# Problem to work on
Write out every entry exactly; the pictures do not belong in the copy.

Data items
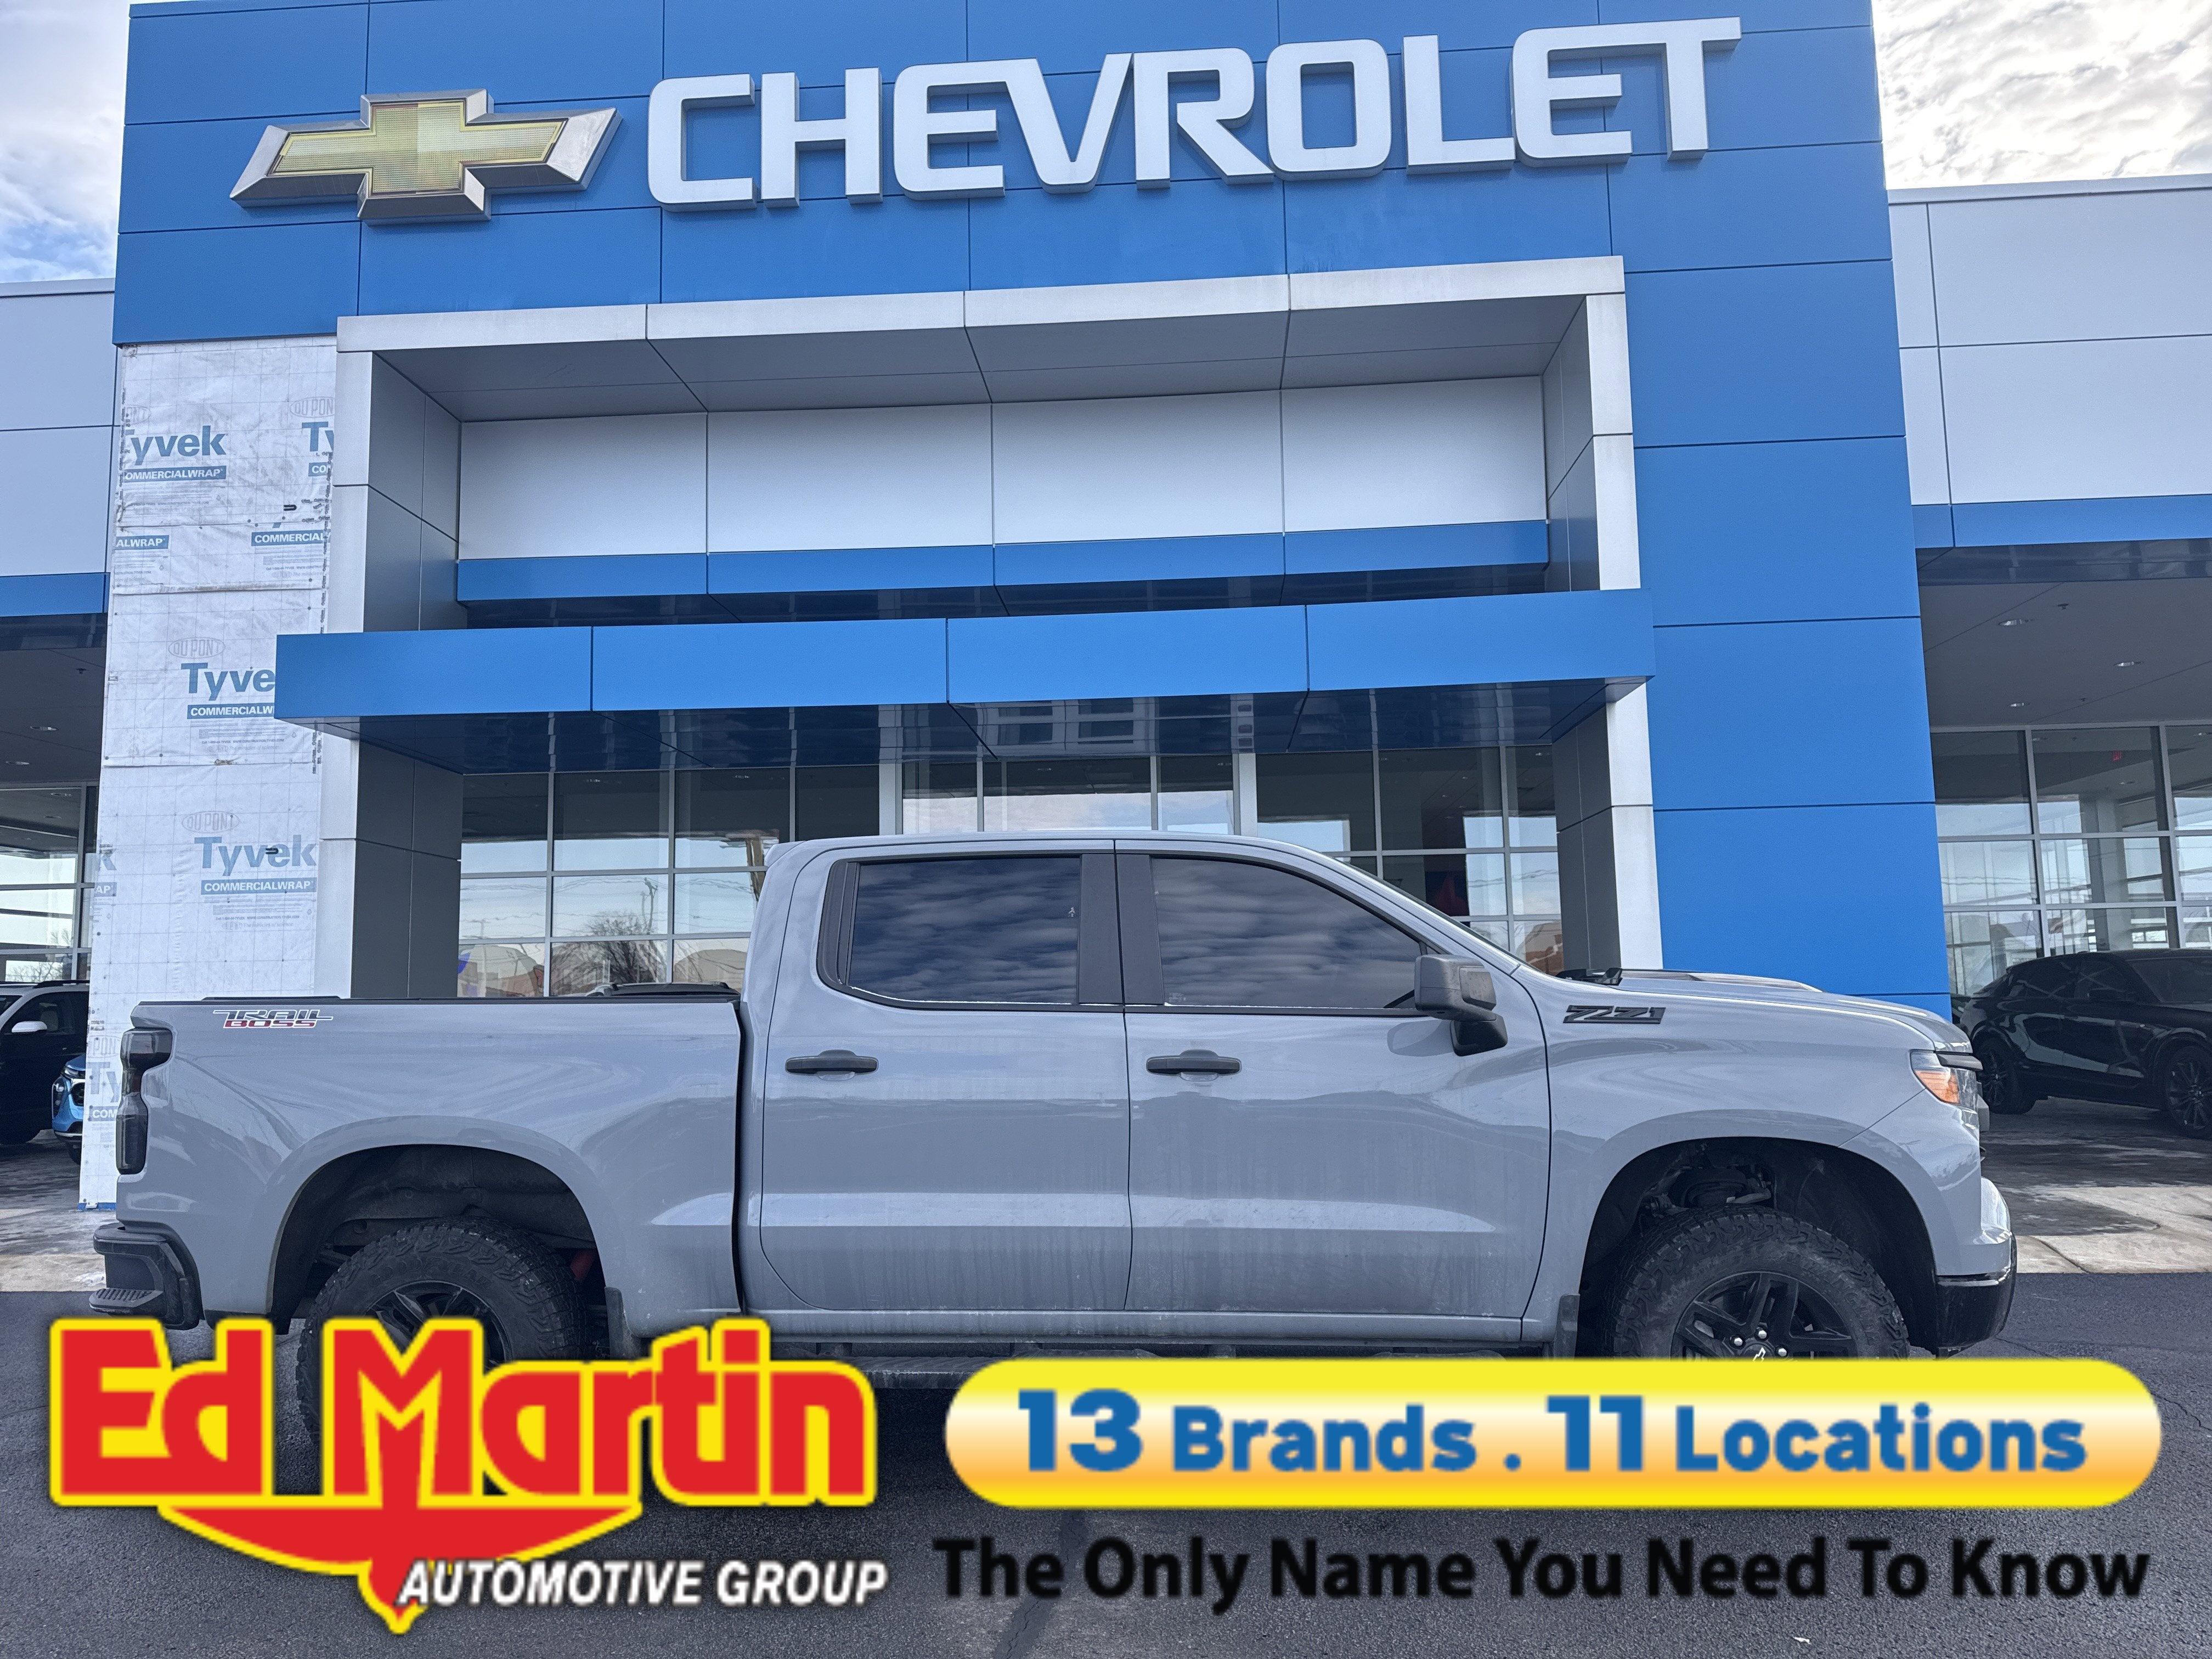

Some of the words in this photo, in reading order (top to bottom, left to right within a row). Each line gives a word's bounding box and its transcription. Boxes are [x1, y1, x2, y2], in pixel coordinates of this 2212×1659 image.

[648, 16, 1741, 212] CHEVROLET
[125, 469, 221, 481] OMMERCIALWRAP
[194, 834, 317, 876] Tyvek
[204, 881, 311, 891] COMMERCIALWRAP
[213, 1009, 334, 1020] TRAIL
[1563, 1005, 1666, 1024] Z71
[223, 1019, 317, 1029] BOSS

# Solution to this task
Some of the words in this photo, in reading order (top to bottom, left to right within a row). Each line gives a word's bounding box and its transcription. Boxes are [x1, y1, x2, y2], in pixel coordinates of this 2212×1659 image.

[648, 16, 1741, 212] CHEVROLET
[125, 469, 221, 481] OMMERCIALWRAP
[194, 834, 317, 876] Tyvek
[204, 881, 311, 891] COMMERCIALWRAP
[213, 1009, 334, 1020] TRAIL
[1563, 1005, 1666, 1024] Z71
[223, 1019, 317, 1029] BOSS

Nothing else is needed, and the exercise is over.